Activity -> Exactly the lines from the one with "Some of the words" through the end of the material are to be output, both included, with no other text.

Entries shown ->
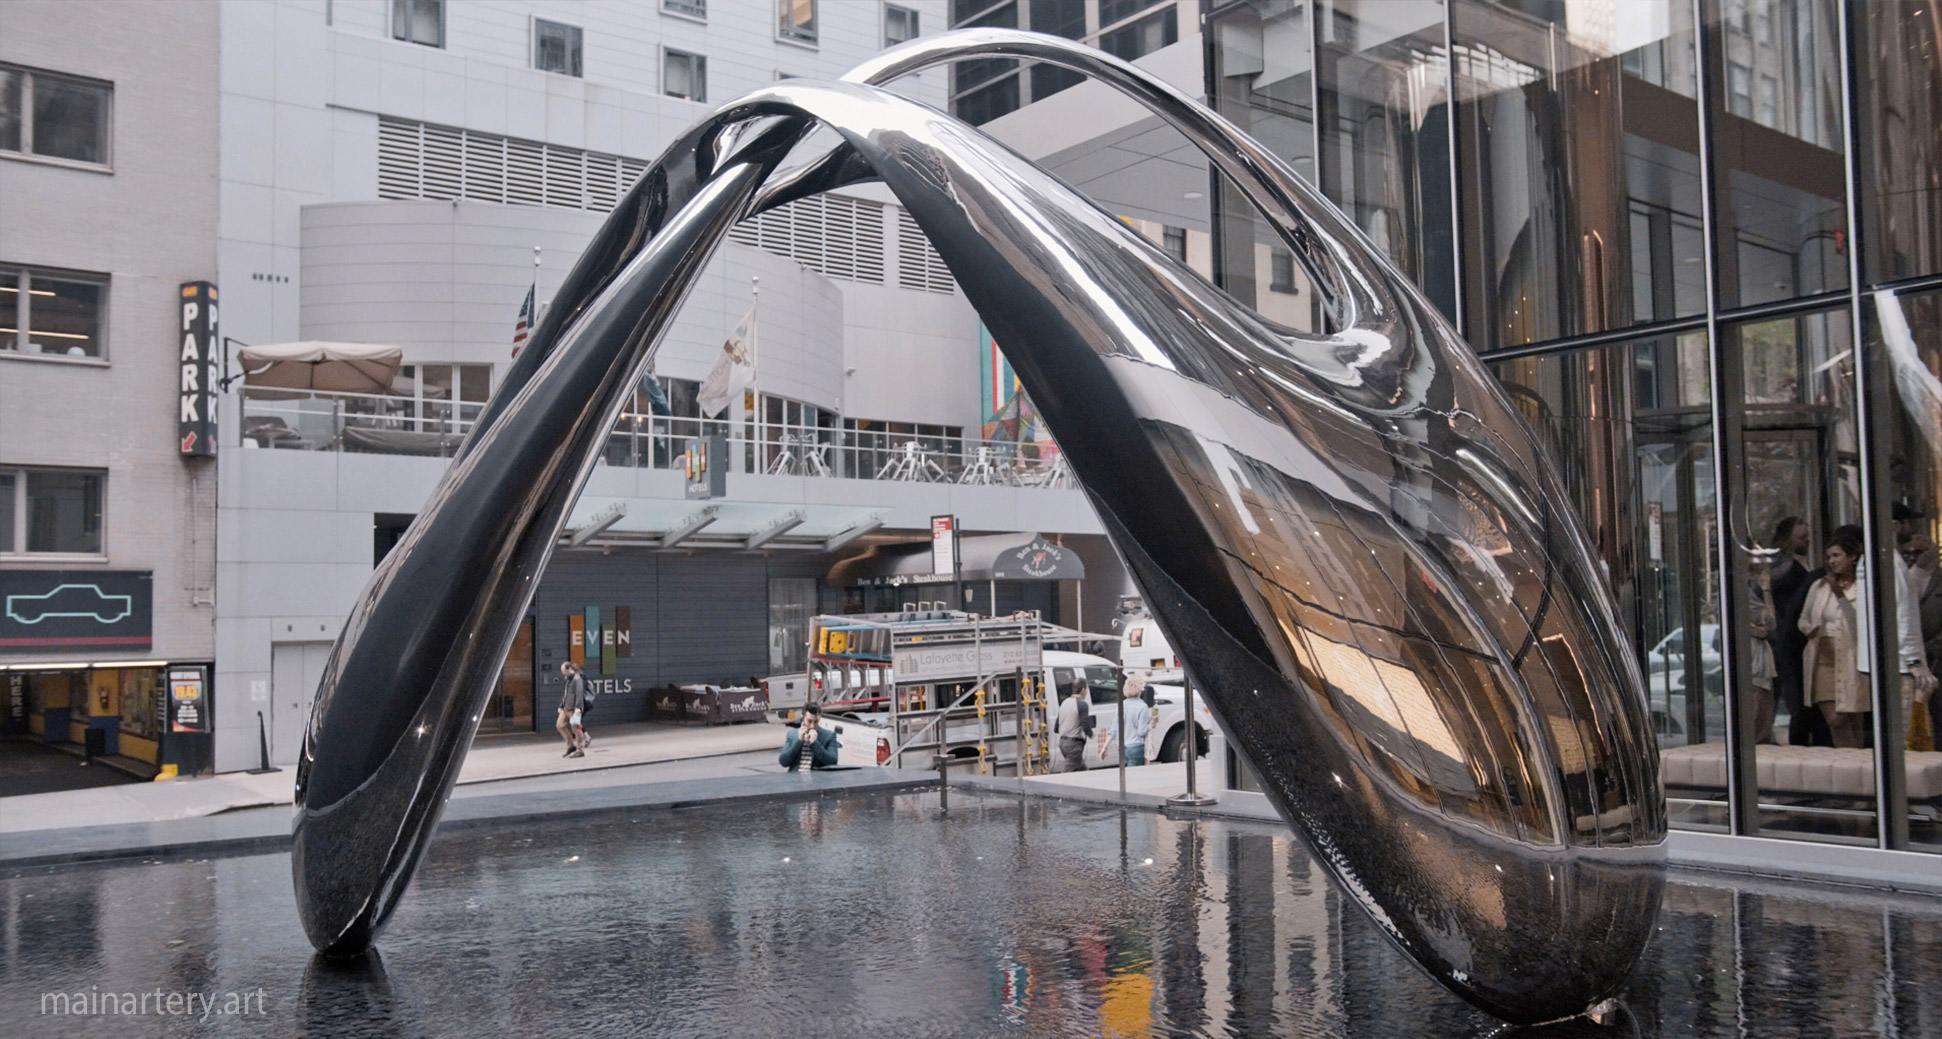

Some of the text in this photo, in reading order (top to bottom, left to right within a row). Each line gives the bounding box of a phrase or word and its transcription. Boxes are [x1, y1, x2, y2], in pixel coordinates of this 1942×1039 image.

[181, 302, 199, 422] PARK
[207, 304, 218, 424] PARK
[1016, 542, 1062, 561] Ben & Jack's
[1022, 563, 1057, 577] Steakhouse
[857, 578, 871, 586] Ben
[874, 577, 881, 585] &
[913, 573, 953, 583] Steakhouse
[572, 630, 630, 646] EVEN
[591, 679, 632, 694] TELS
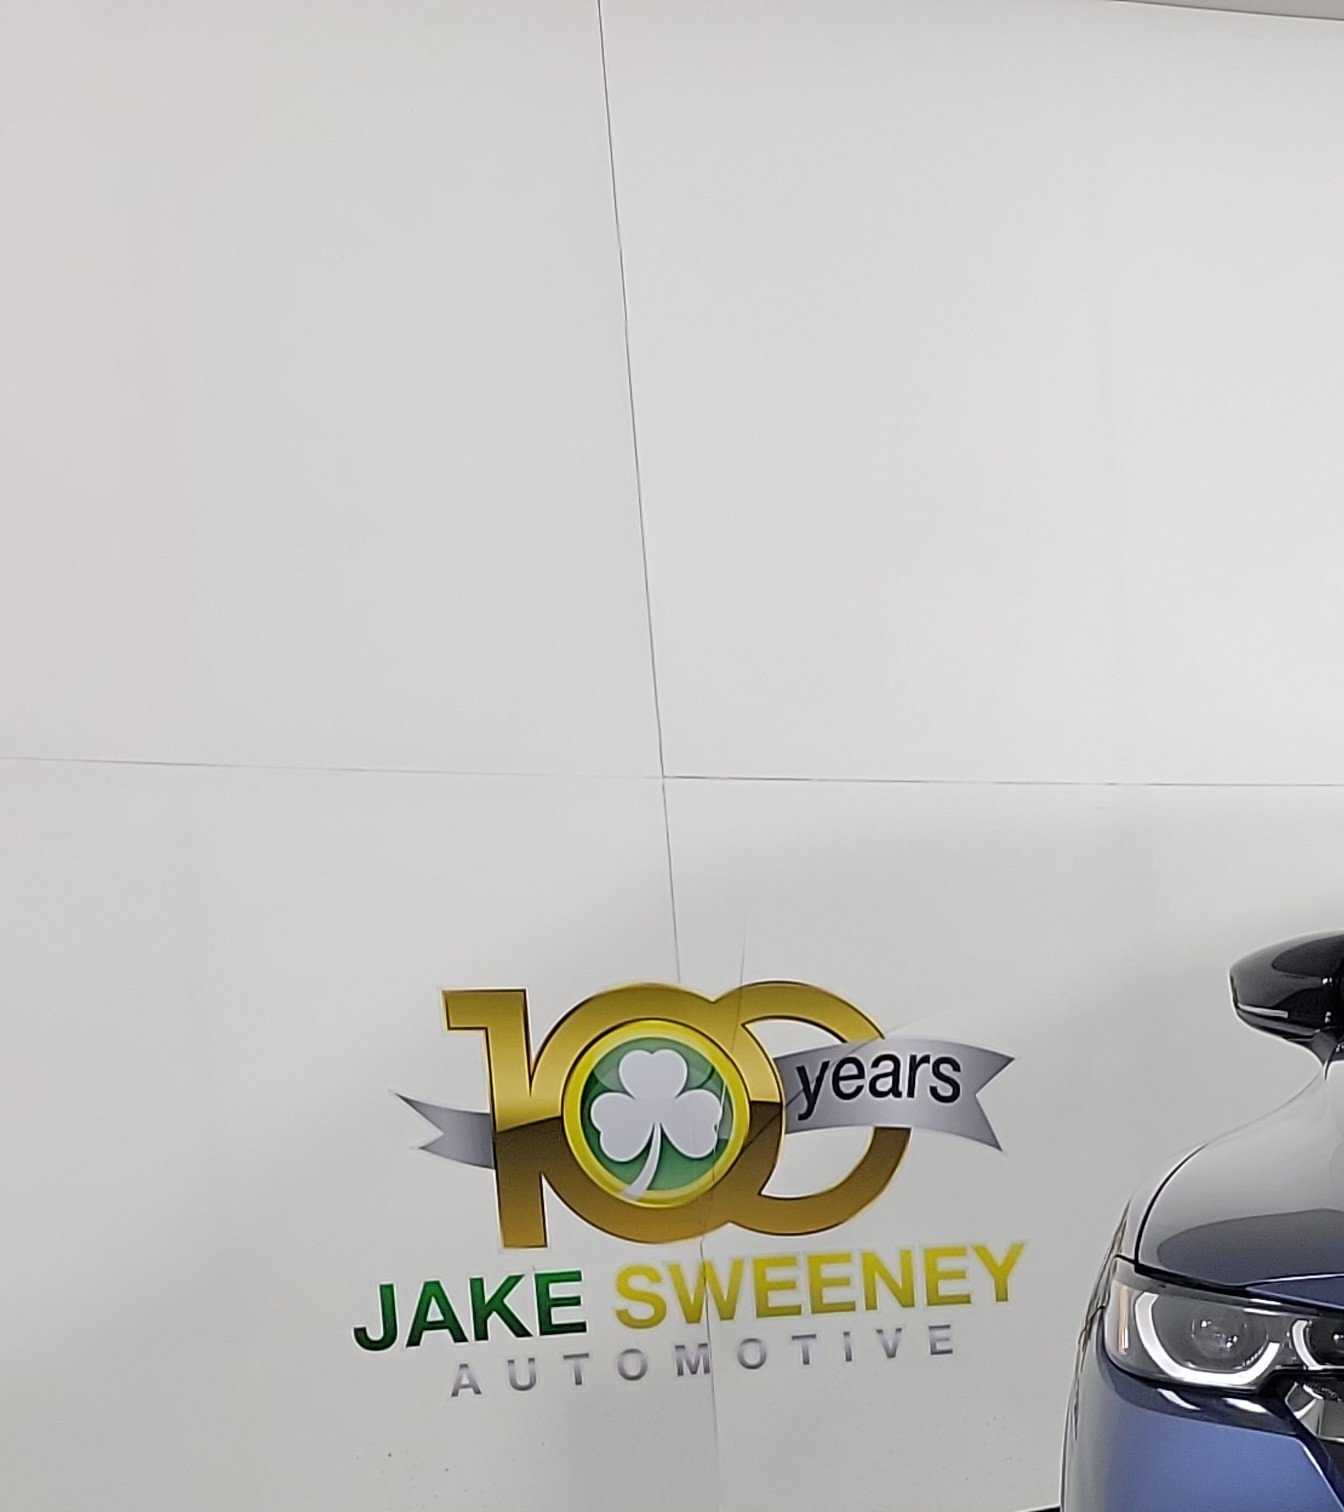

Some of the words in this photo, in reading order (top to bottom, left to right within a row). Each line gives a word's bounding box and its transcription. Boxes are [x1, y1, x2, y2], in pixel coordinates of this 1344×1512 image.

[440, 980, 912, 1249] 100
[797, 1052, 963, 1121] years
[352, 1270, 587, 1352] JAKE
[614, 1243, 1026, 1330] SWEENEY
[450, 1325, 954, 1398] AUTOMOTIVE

Written response ->
Some of the words in this photo, in reading order (top to bottom, left to right within a row). Each line gives a word's bounding box and its transcription. Boxes are [x1, y1, x2, y2], in pixel coordinates of this 1344×1512 image.

[440, 980, 912, 1249] 100
[797, 1052, 963, 1121] years
[352, 1270, 587, 1352] JAKE
[614, 1243, 1026, 1330] SWEENEY
[450, 1325, 954, 1398] AUTOMOTIVE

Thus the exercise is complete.